Task description: Everything in the records except the pictures must be copied out exactly.

-------- Provided records

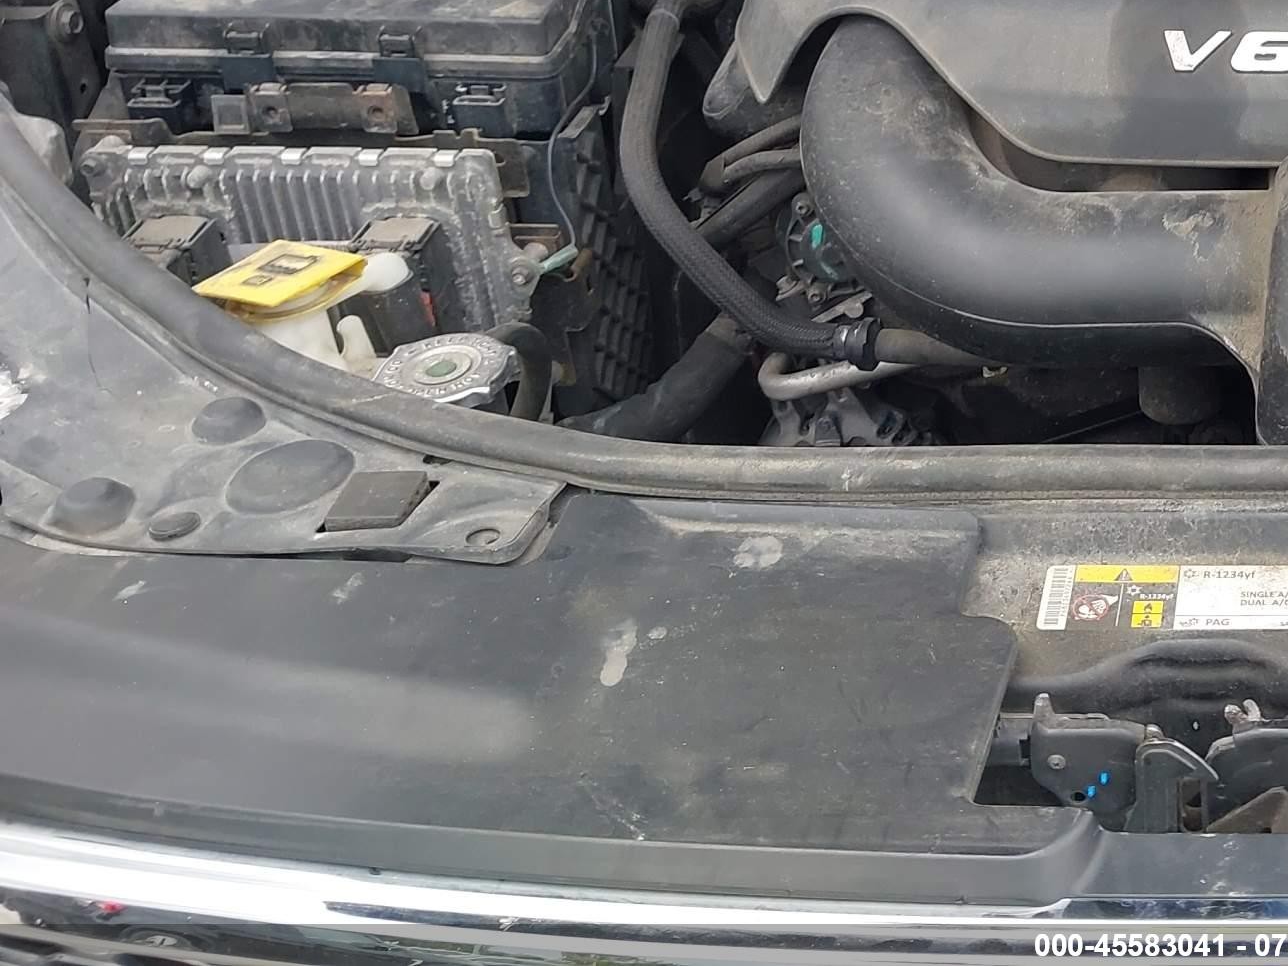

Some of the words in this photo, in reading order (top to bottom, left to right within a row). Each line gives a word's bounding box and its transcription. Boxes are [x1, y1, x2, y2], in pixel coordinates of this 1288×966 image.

[1203, 570, 1256, 580] R-1234yf
[1240, 590, 1275, 598] SINGLE
[1205, 618, 1232, 626] PAG
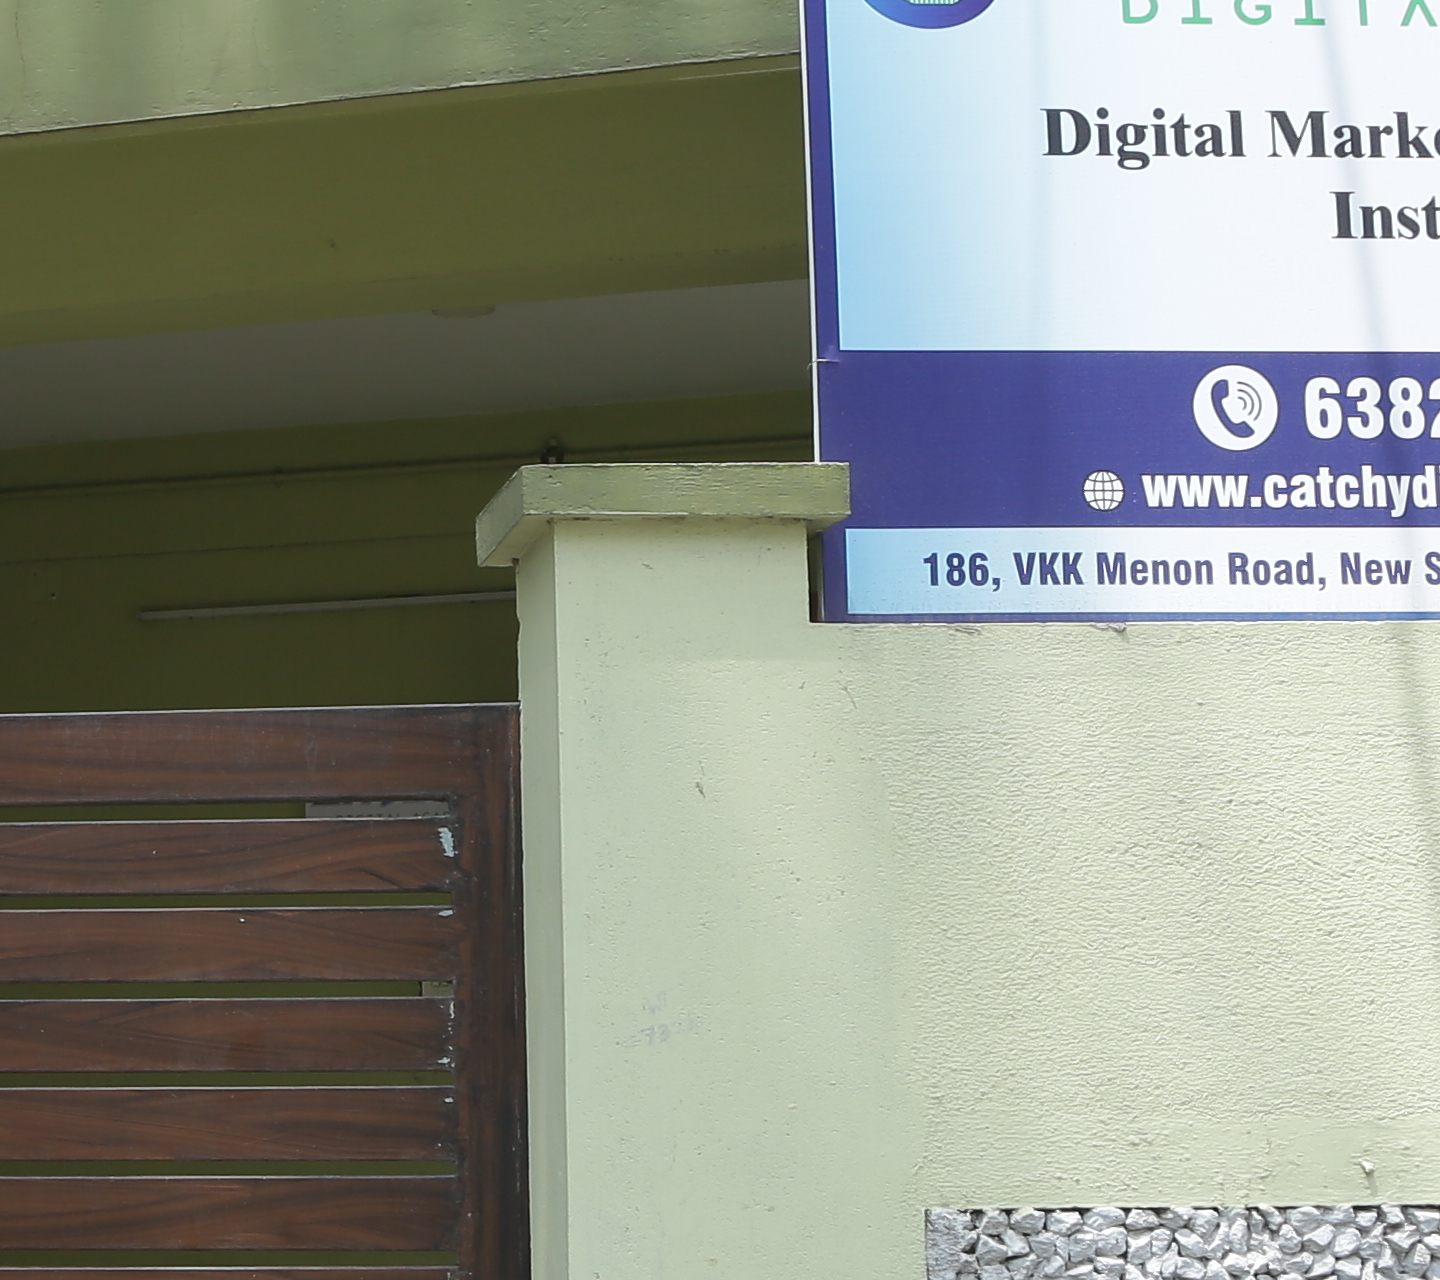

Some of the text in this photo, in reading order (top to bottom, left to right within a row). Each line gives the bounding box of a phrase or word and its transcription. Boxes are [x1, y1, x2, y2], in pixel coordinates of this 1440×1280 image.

[1042, 107, 1244, 170] Digital
[923, 552, 1002, 592] 186,
[1013, 552, 1084, 586] VKK
[1096, 552, 1213, 586] Menon
[1228, 552, 1326, 592] Road,
[1340, 552, 1411, 585] New

----------------

Solved exercise:
Some of the words in this photo, in reading order (top to bottom, left to right within a row). Each line gives a word's bounding box and its transcription. Boxes are [x1, y1, x2, y2], in pixel coordinates of this 1288×966 image.

[1203, 570, 1256, 580] R-1234yf
[1240, 590, 1275, 598] SINGLE
[1205, 618, 1232, 626] PAG

Some of the text in this photo, in reading order (top to bottom, left to right within a row). Each line gives the bounding box of a phrase or word and its transcription. Boxes are [x1, y1, x2, y2], in pixel coordinates of this 1440×1280 image.

[1042, 107, 1244, 170] Digital
[923, 552, 1002, 592] 186,
[1013, 552, 1084, 586] VKK
[1096, 552, 1213, 586] Menon
[1228, 552, 1326, 592] Road,
[1340, 552, 1411, 585] New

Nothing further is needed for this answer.